In order to find solution to this problem, we will use compound angle formula that is $\cos A+\cos B=2\cos \left( \dfrac{A+B}{2} \right)\cdot \cos \left( \dfrac{A-B}{2} \right)$ in our trigonometric equation to prove the right-hand side.
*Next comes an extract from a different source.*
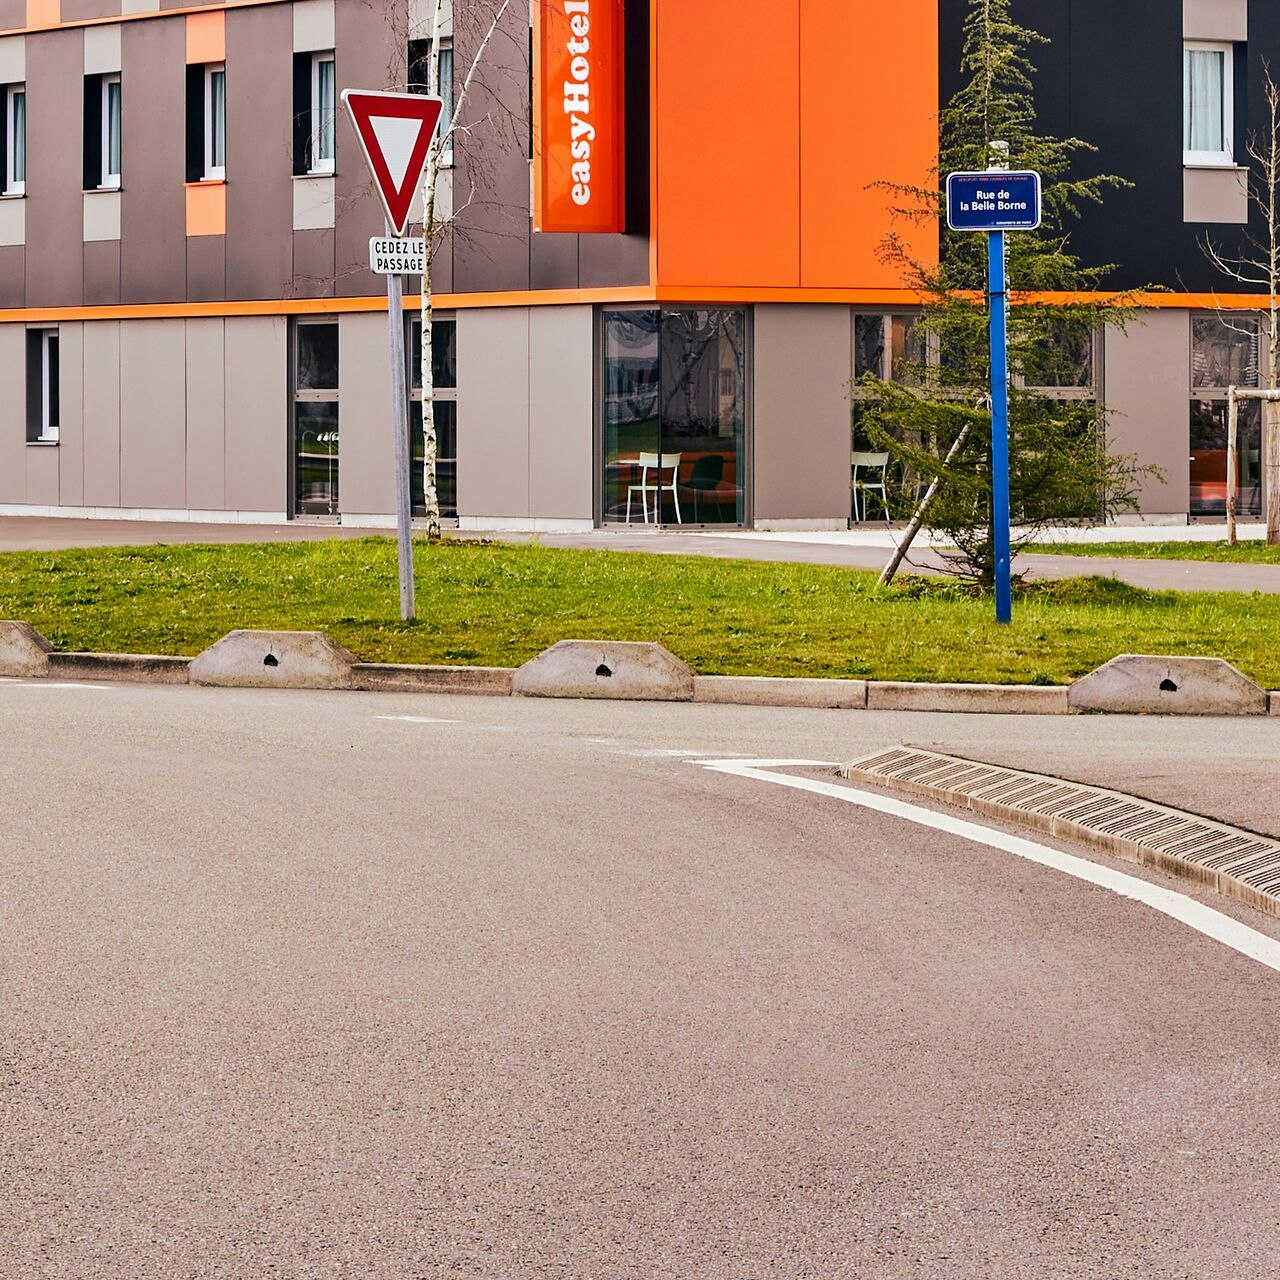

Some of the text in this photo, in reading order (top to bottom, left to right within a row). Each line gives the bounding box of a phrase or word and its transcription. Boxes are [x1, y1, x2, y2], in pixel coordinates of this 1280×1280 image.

First, we will use our compound angle formula in our two terms and then after solving it we will get our answer.

Complete step-by-step solution:
We have our trigonometric equation as:
$\Rightarrow \cos {{35}^{\circ }}+\cos {{85}^{\circ }}+\cos {{155}^{\circ }}$
On applying compound angle formula in our above trigonometric equation and taking $\cos A=\cos {{35}^{\circ }}$ and $\cos B=\cos {{85}^{\circ }}$ , we get our equation as:
$\Rightarrow 2\cos \left( \dfrac{{{35}^{\circ }}+{{85}^{\circ }}}{2} \right)\cdot \cos \left( \dfrac{{{35}^{\circ }}-{{85}^{\circ }}}{2} \right)+\cos {{155}^{\circ }}$
On simplification, we get our equation as:
$\Rightarrow 2\cos \left( \dfrac{{{120}^{\circ }}}{2} \right)\cdot \cos \left( \dfrac{-{{50}^{\circ }}}{2} \right)+\cos {{155}^{\circ }}$
On simplifying, we get our equation as:
$\Rightarrow 2\cos \left( {{60}^{\circ }} \right)\cdot \cos \left( -{{25}^{\circ }} \right)+\cos {{155}^{\circ }}$
As we know that $\cos {{60}^{\circ }}=\dfrac{1}{2}$ from trigonometric functions.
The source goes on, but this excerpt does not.